Aos 17 anos sonhava ser um desses repórteres enviados para algum front de guerra mundo afora. Não pela adrenalina de sentir o chão tremer por conta de algum bombardeio. E, sim, pelo desafio de pisar naquele lugar e construir um relato a partir dos cacos. Porque o peso da palavra de um líder político nessa terra de conflitos tem seu peso e sentido, mas, muitas vezes, o discurso do chefe de Estado apenas despista a versão do verdureiro, da confeiteira, do motorista de caminhão e da professora.
Enquanto as tropas recarregam suas armas, enquanto os generais traçam suas estratégias, enquanto os aviões sobrevoam o território inimigo, há um exército trancafiado em suas casas, amordaçado em seus comércios, entrincheirado em salas de aula. A mão do professor treme enquanto desliza o giz branco sobre o puído quadro negro. Entre a pausa e uma longa rajada de metralhadoras, as crianças precisam focar na lição, tentando resolver equações abstratas. Todos ali pensam, inclusive o professor: “Por que fórmula de Bhaskara numa hora dessas?”. Mas ninguém consegue verbalizar.
Tenho a convicção de que as guerras e os conflitos, sejam eles no Leste Europeu, no Oriente Médio ou na Zona Norte de Caxias, deixam as pessoas ainda mais expostas às chagas do terror, porque convivem quase diariamente com a possibilidade de um tiro interromper a tentativa de tocar suas vidas. Sobreviver é milagre, morrer de causa natural é raridade. E, para além de tudo, é preciso sair de casa e lutar pelo ganha-pão. Além do risco de uma bala atravessar o peito do pai, há o risco desse pai ser alvejado com o desemprego.
Enquanto o mundo assiste pela televisão se a Rússia vai tomar para si a terra dos ucranianos, em Caxias faltam professores e escolas para dar conta de tantos alunos. Enquanto o dólar desce e o real valoriza, os supermercados reajustam os preços. Na fila da lotérica ouvi uma conversa entre duas senhoras: “Está caro até pra morrer, minha filha”. Enquanto os economistas reafirmam suas convicções de crescimento para o Brasil, apesar da eleição e da crise, aumenta o número de analfabetos no país. Uma criança que não lê e não escreve será, infelizmente, um alvo fácil de ser abatido nessa luta pela vida.

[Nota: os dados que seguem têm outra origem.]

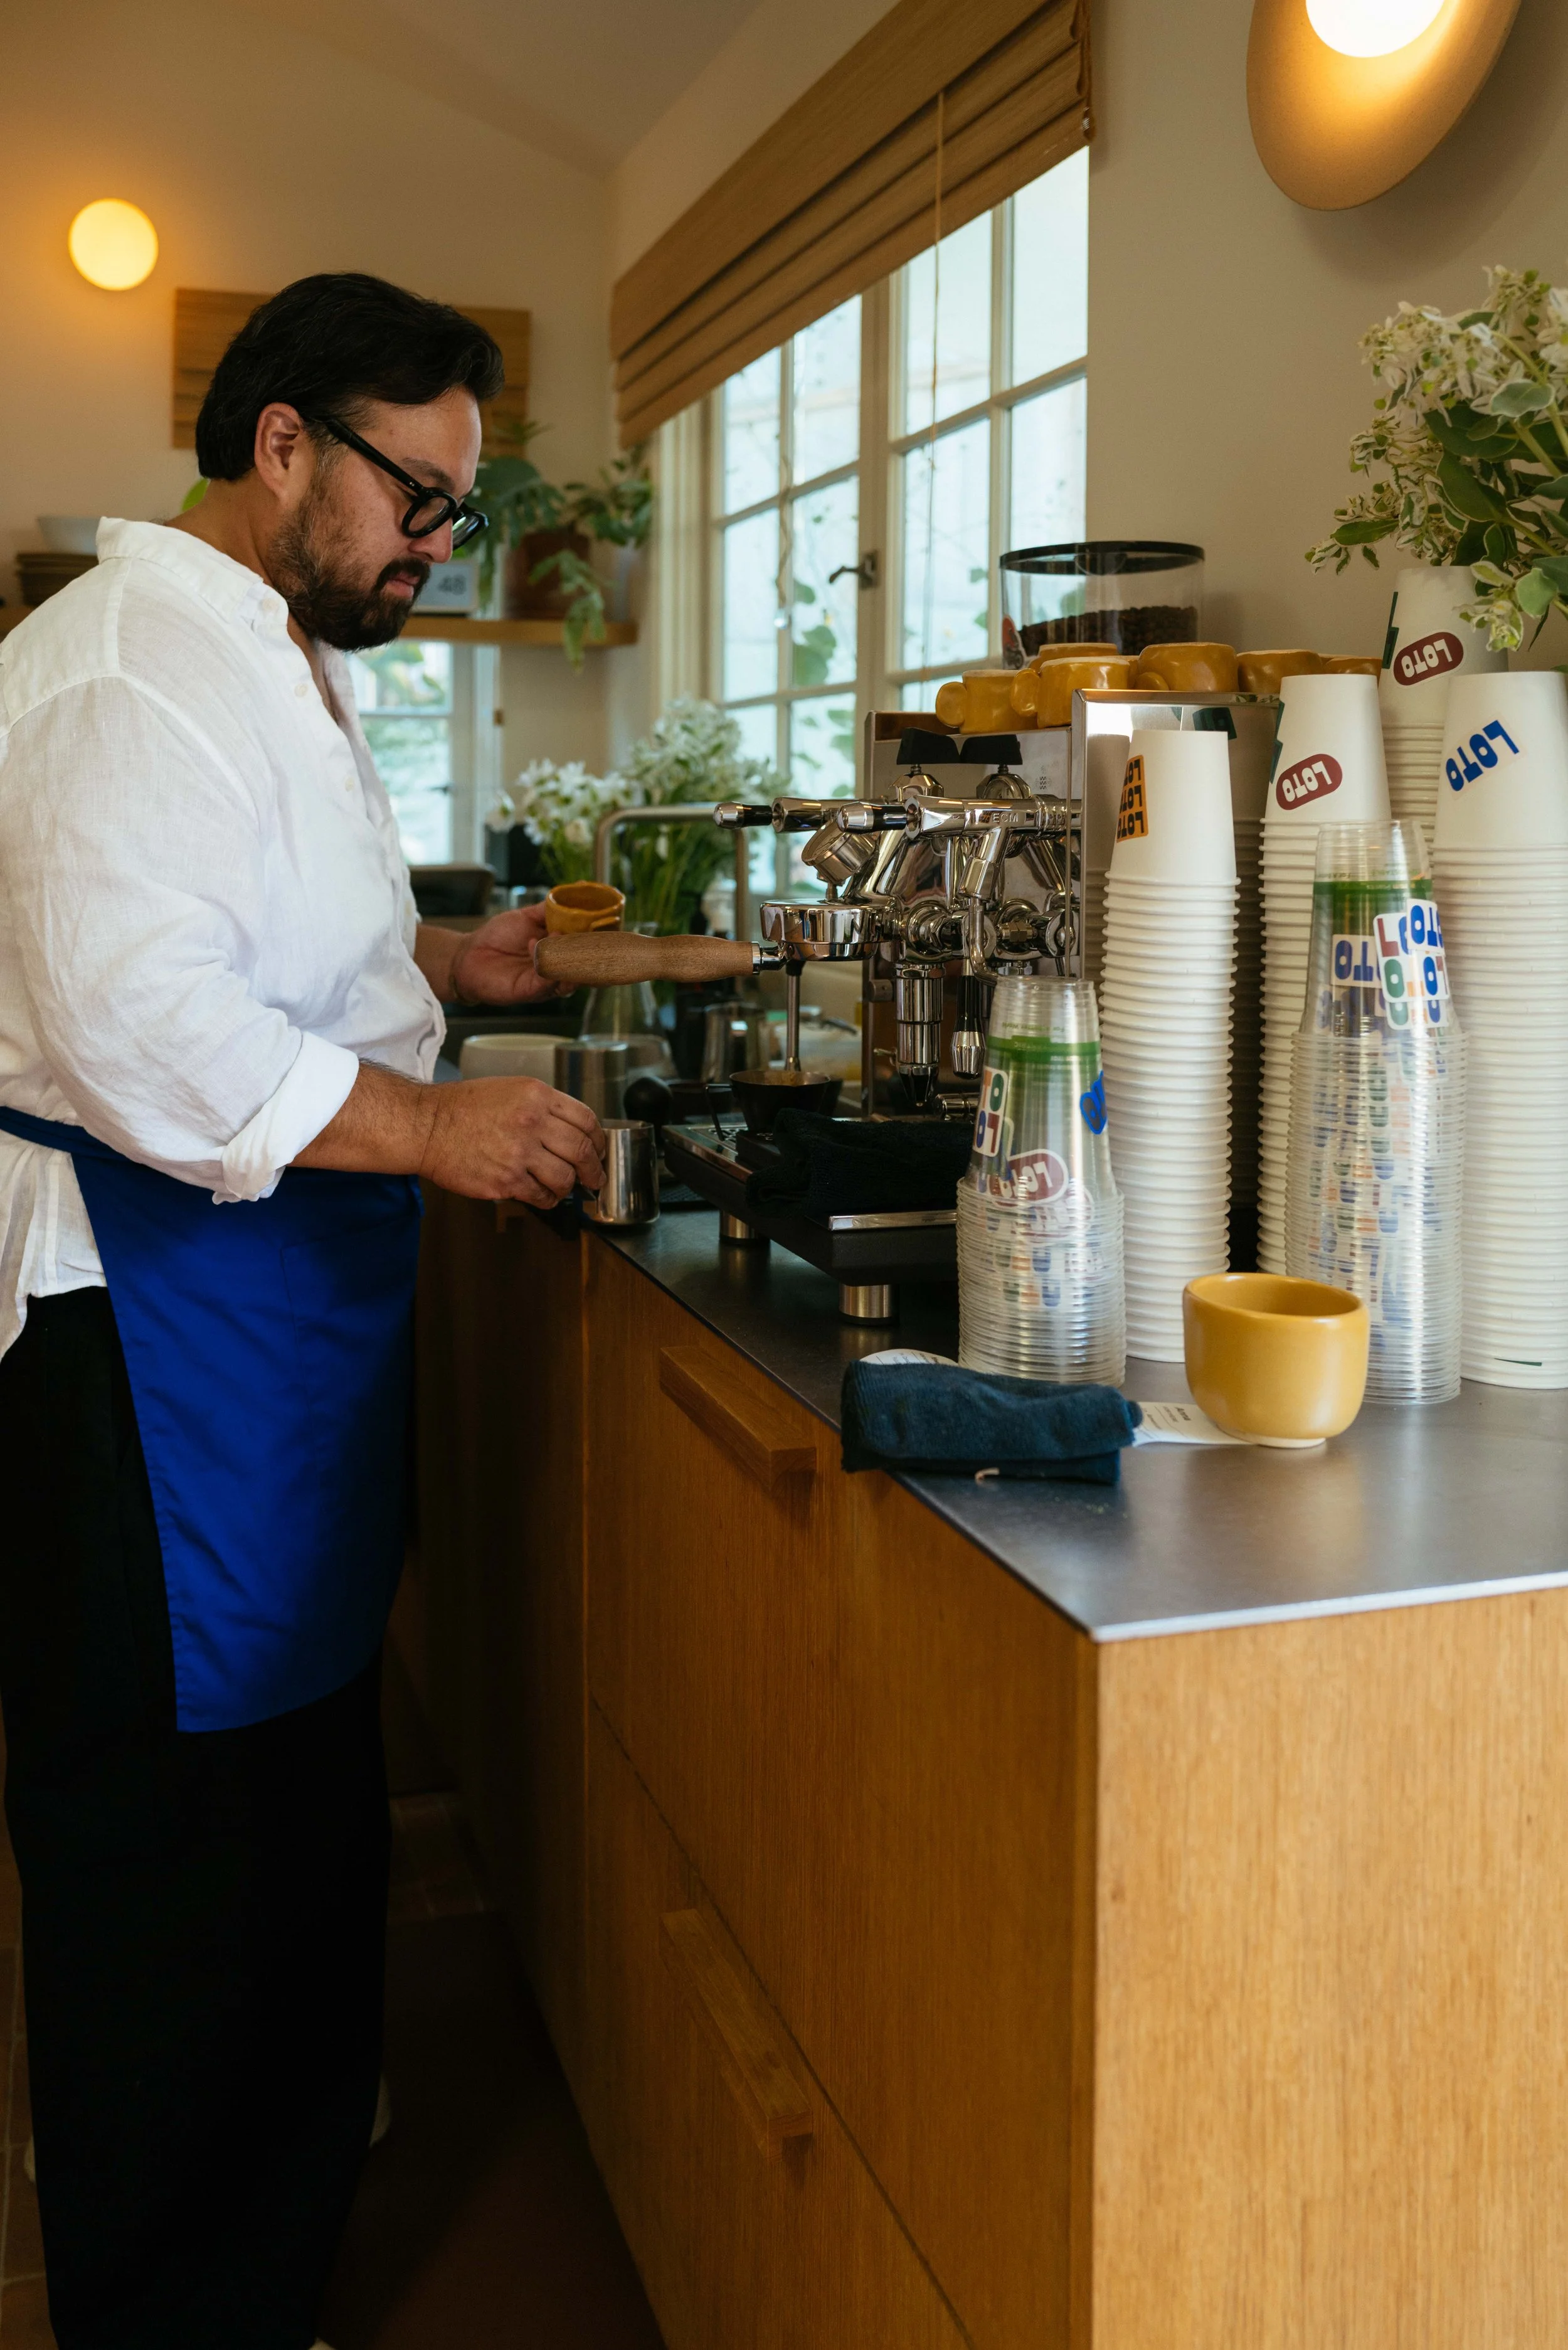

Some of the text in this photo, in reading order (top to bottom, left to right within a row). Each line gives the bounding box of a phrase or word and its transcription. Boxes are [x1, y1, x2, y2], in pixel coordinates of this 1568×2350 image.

Pelo Twitter, mensagens são disparadas com a intenção de motivar os exércitos de influencers que brotam dia e noite sem parar. Retuitar é o verbo das tropas, não importa se posts de inverdades ou verdades condicionadas ao interesse da plateia. No entanto, em zonas de conflito, as fake news são punidas com tiros à queima-roupa. Em dois meses, Farroupilha chega a marca de oito homicídios. Em 16 de fevereiro foram assassinadas quatro pessoas. Entre o dito pelo não dito, sem piedade, bala neles. Farroupilha e Caxias, em nada se parecem com o Afeganistão, em nada se parecem com a Jerusalém que dorme e acorda com a tensão de uma bomba a explodir. Mas, para um repórter, aqui também é terra onde é preciso construir a realidade a partir dos cacos. De mil cacos e suas mil e uma versões.